Clergy from all around the Church of Ireland dioceses will stand out on the streets from 10am until 6pm, joined by different choirs each lunch time.

Yesterday, it was the children of Kildare Place School who sang out to accompany the jingle of coins donated towards the appeal.

School Principal Ian Packham said the event was now an annual event in the school calendar.

"The children love it and it's good for them to think of others less fortunate in society," he said.

Vicar of St Ann's, the Reverend David Gillespie revealed that his black cloak had been a gift from parishioners from his former parish in the UK.

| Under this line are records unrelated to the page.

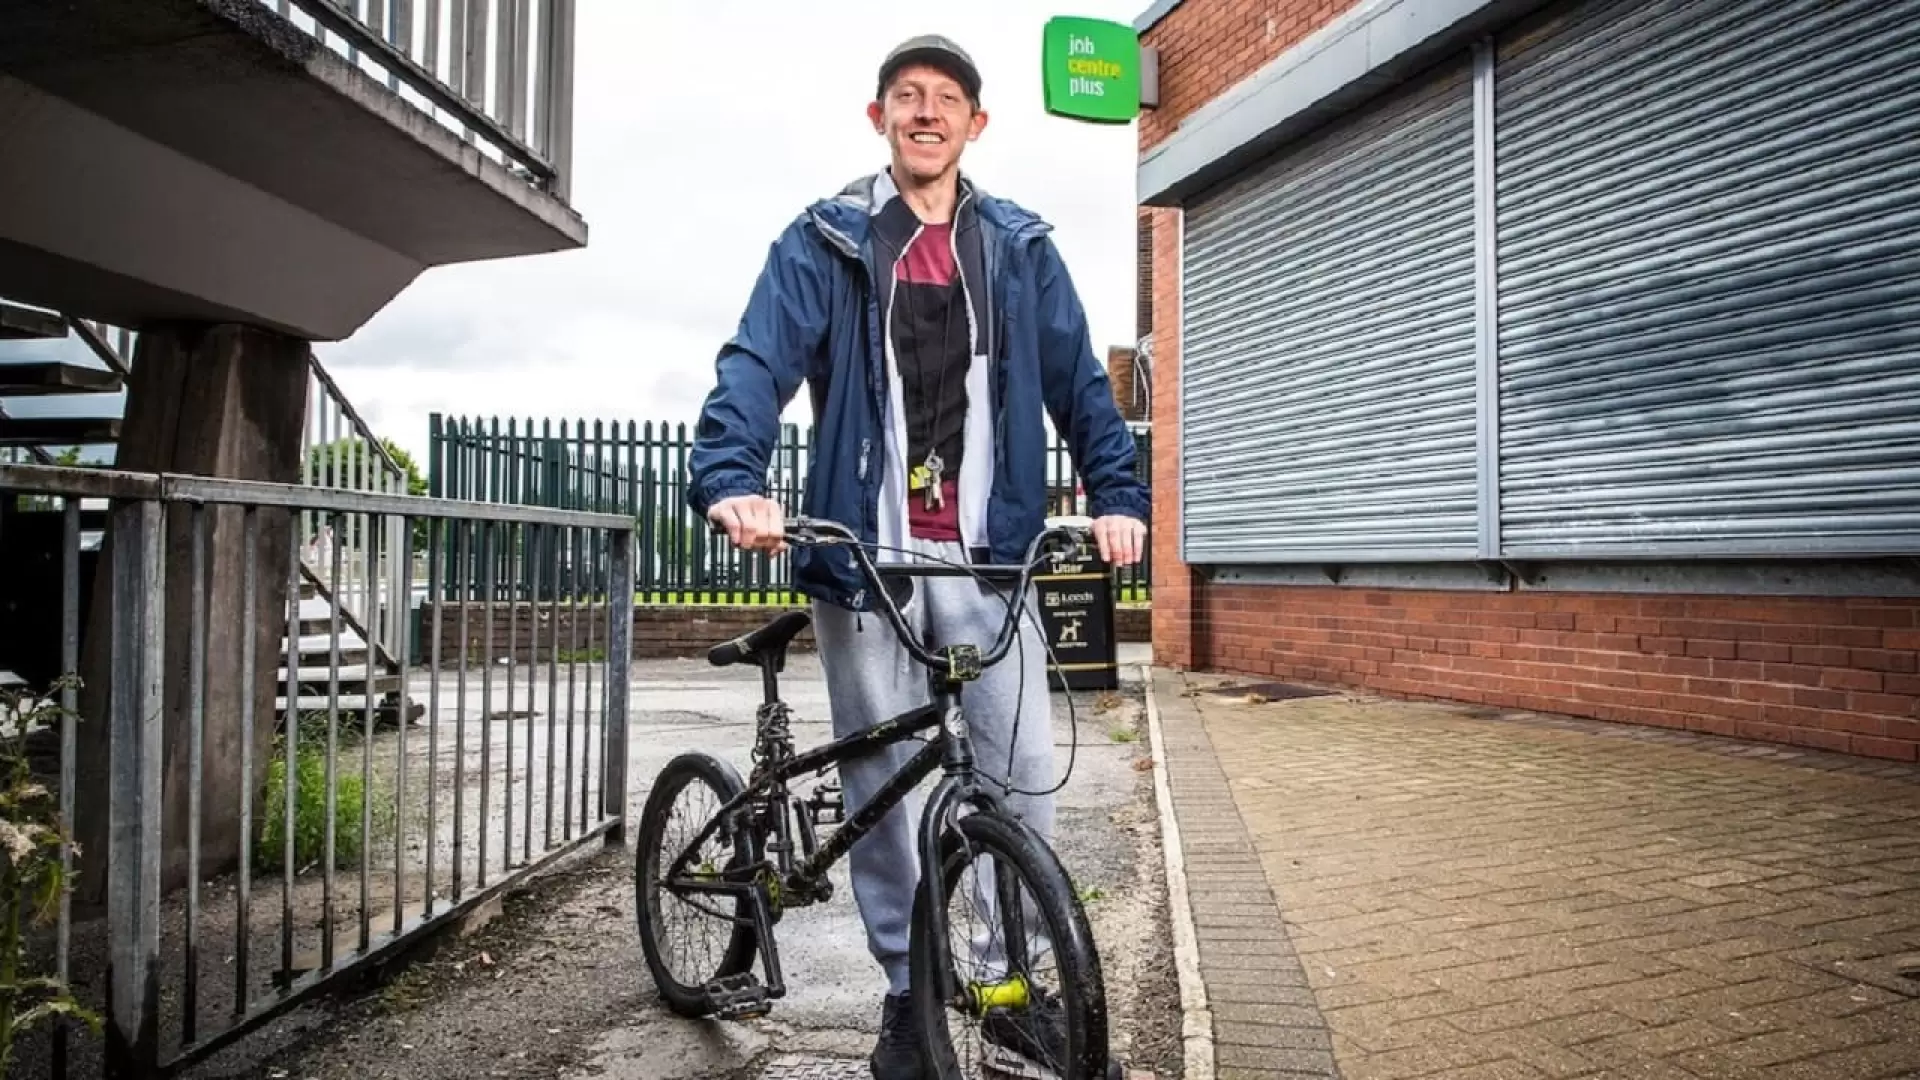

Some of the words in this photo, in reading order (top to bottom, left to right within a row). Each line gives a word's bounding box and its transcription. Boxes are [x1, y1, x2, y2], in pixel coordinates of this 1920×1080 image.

[1068, 34, 1095, 55] job
[1068, 59, 1121, 76] centre
[1070, 77, 1104, 97] plus
[1052, 563, 1083, 574] Litter
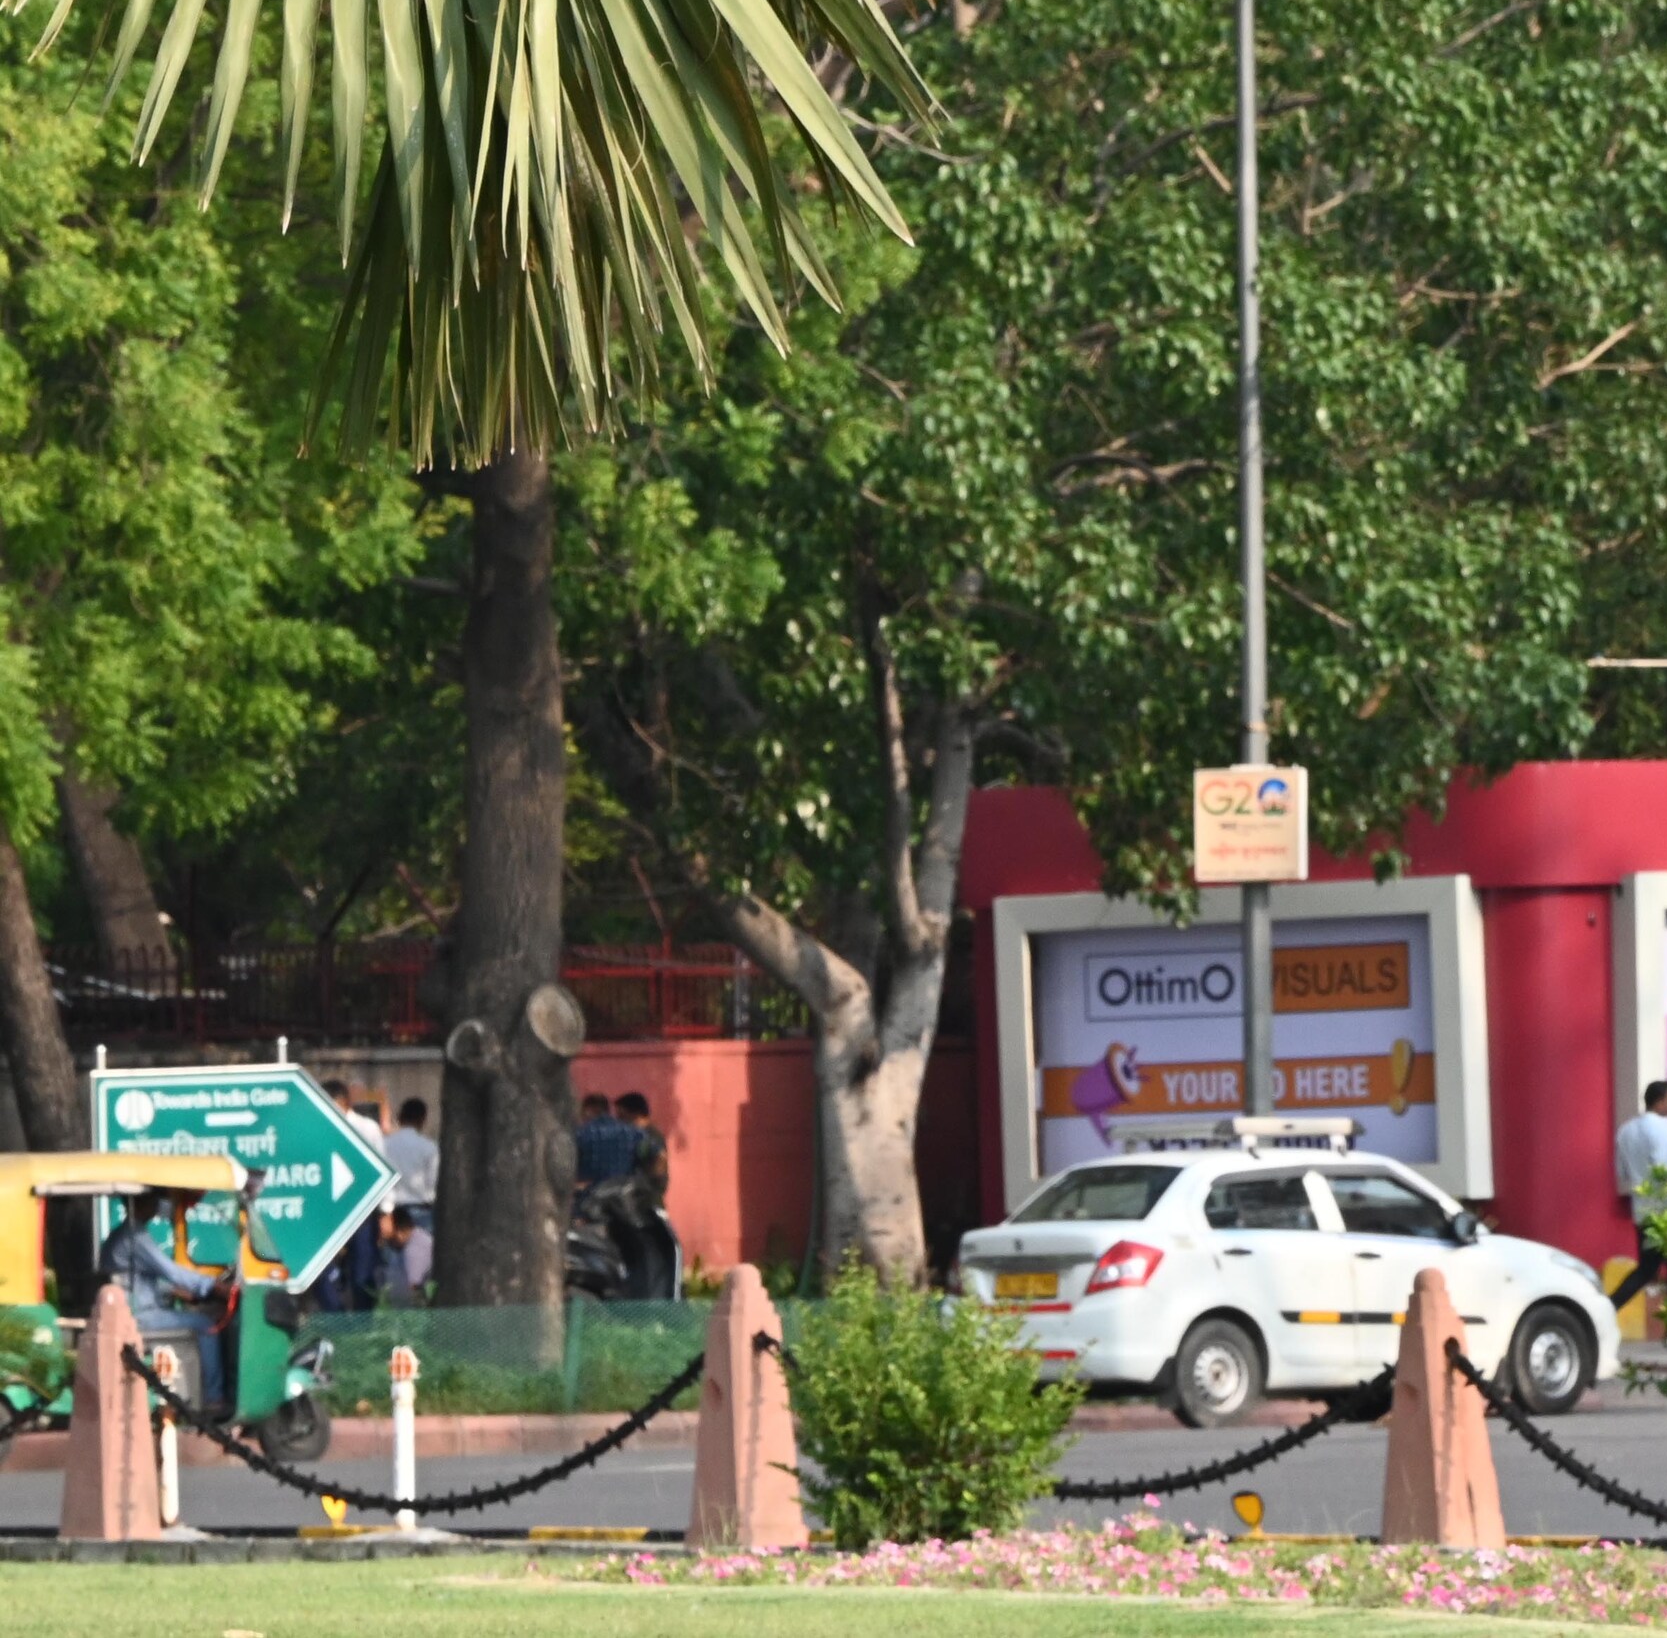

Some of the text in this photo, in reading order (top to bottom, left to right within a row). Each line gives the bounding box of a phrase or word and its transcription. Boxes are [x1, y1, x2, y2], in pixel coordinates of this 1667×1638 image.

[1098, 963, 1236, 1007] OttimO
[213, 1088, 249, 1108] India
[250, 1087, 289, 1106] Gate
[1161, 1070, 1240, 1104] YOUR
[1292, 1064, 1371, 1100] HERE
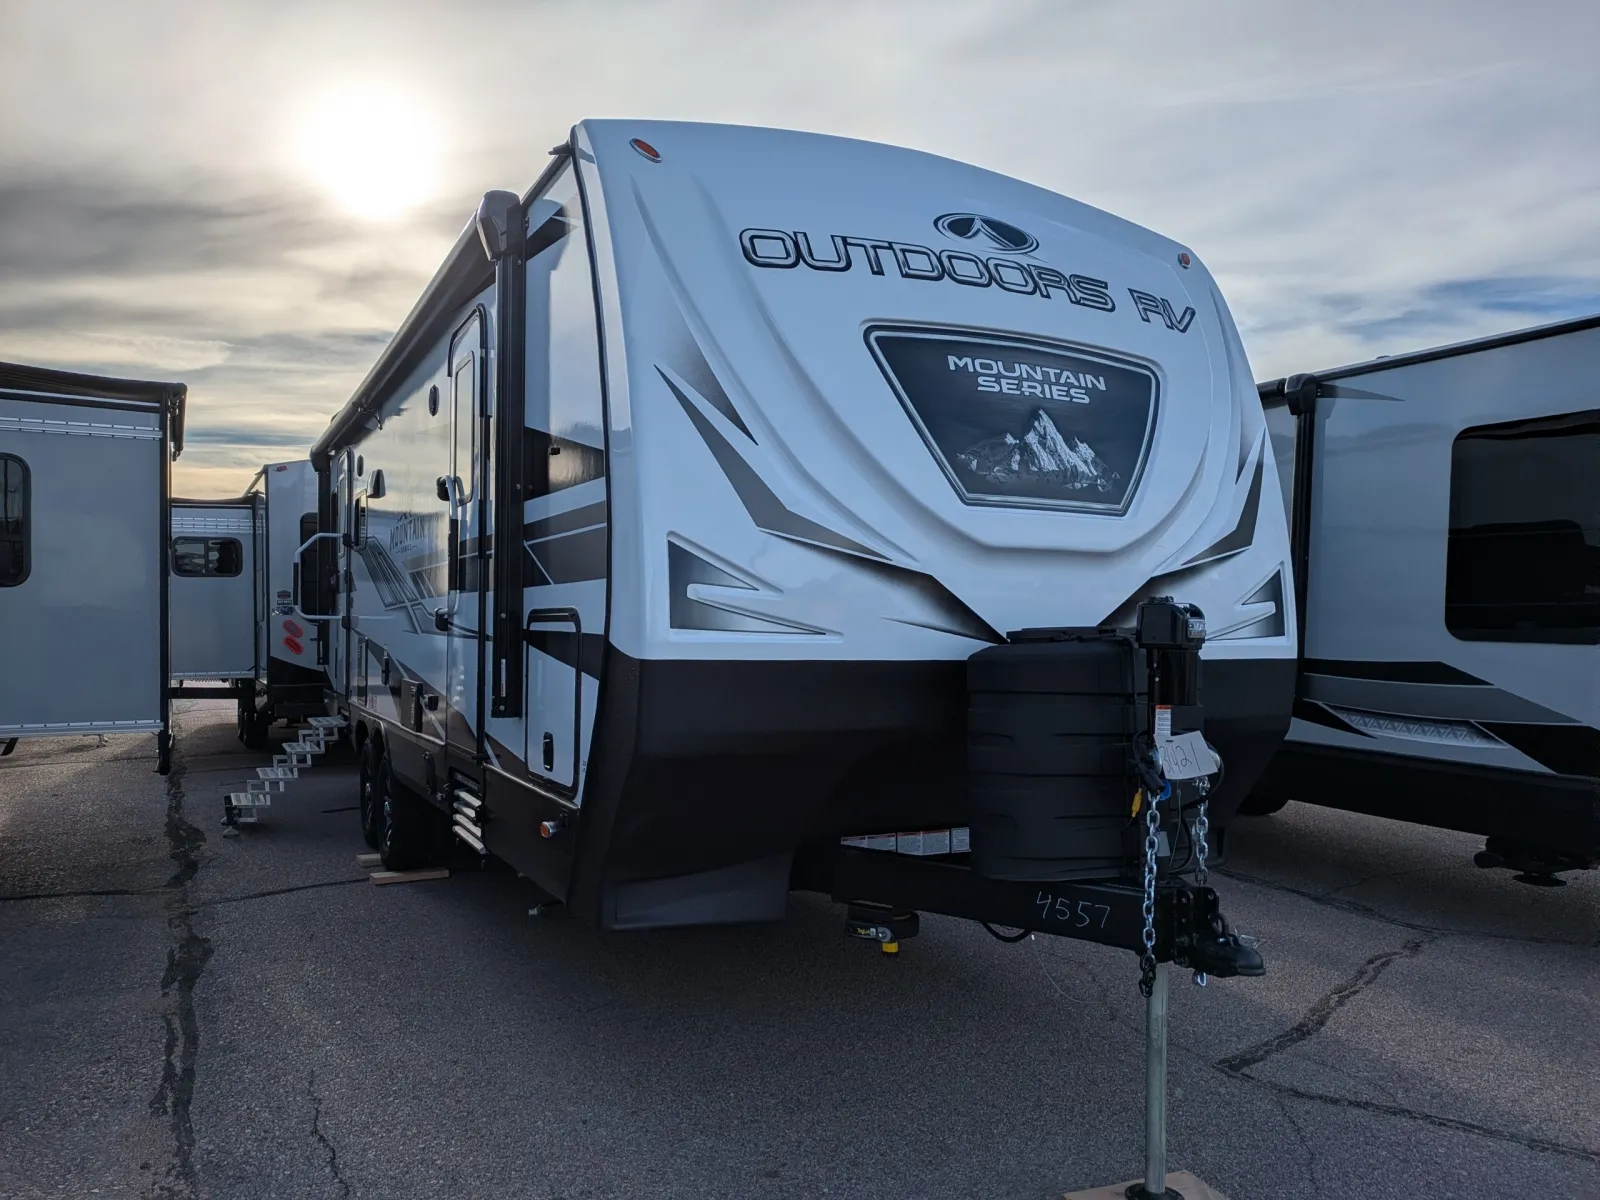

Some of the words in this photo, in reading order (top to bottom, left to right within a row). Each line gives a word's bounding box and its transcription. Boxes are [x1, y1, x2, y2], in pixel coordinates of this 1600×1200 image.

[739, 227, 1116, 313] OUTDOORS
[1128, 287, 1196, 334] RV
[948, 355, 1107, 391] MOUNTAIN
[977, 376, 1090, 404] SERIES
[1037, 890, 1110, 929] 4557
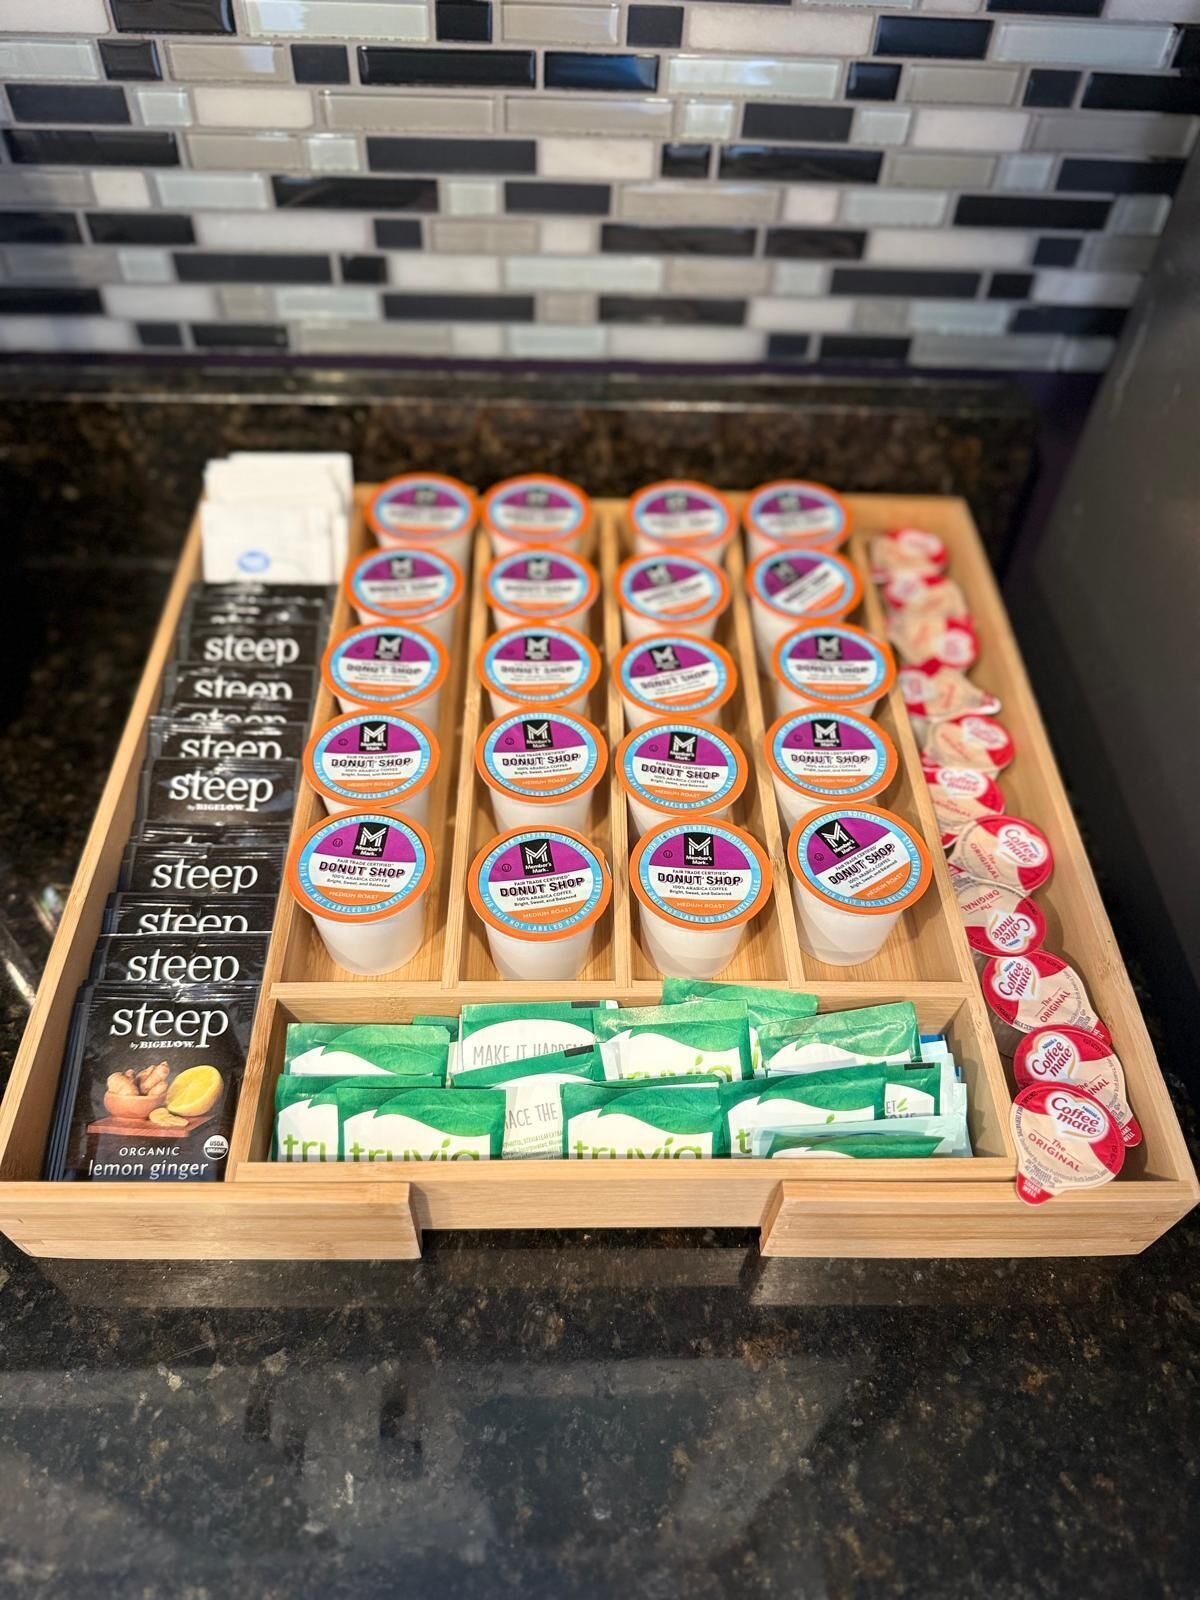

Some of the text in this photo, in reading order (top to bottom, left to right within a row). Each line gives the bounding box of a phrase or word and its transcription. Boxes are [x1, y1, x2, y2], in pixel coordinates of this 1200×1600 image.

[204, 634, 300, 667] steep
[332, 758, 413, 767] DONUT SHOP
[502, 753, 581, 766] DONUT SHOP
[791, 754, 869, 764] DONUT SHOP
[641, 764, 719, 779] DONUT SHOP
[169, 770, 273, 812] steep
[1002, 840, 1031, 863] mate
[1005, 829, 1038, 859] Coffee
[319, 862, 405, 878] DONUT SHOP
[828, 844, 895, 885] DONUT SHOP
[971, 843, 999, 879] ORIGINAL
[151, 858, 258, 894] steep
[500, 878, 584, 896] DONUT SHOP
[658, 873, 743, 886] DONUT SHOP
[961, 889, 1000, 912] ORIGINAL
[992, 916, 1015, 939] mate
[999, 918, 1030, 944] Coffee
[999, 962, 1024, 996] Coffee
[1015, 968, 1032, 996] mate
[1040, 990, 1071, 1023] ORIGINAL
[1041, 997, 1052, 1007] The
[110, 1002, 229, 1048] steep
[130, 1042, 139, 1050] by
[473, 1044, 510, 1065] MAKE
[1032, 1042, 1064, 1075] Coffee
[1050, 1048, 1072, 1077] mate
[506, 1102, 558, 1129] ACE THE
[1051, 1097, 1099, 1127] Coffee
[1056, 1113, 1096, 1134] mate
[120, 1147, 180, 1156] ORGANIC
[1028, 1132, 1080, 1172] ORIGINAL
[1052, 1138, 1066, 1152] The
[89, 1160, 208, 1179] lemon ginger

"I'm glad of it today," he admitted.

The money collected this year will be distributed to St Vincent de Paul, the Salvation Army, the Simon Community, Protestant Aid, Trust and the Church of Ireland Overseas Aid.

Last year, despite the difficult economic conditions, the Black Santa Appeal raised a record-breaking €30,000. "It is strange to think that the appeal last year raised the largest amount of money ever collected during the sit out," the Rev Gillespie commented.

"But it was very humbling to meet people who had come especially to donate to the appeal and who had been collecting all year round for it."

"We realise these are difficult times and people are being careful about who they give money to – but they know that the money we raise we will get to the charities," he added.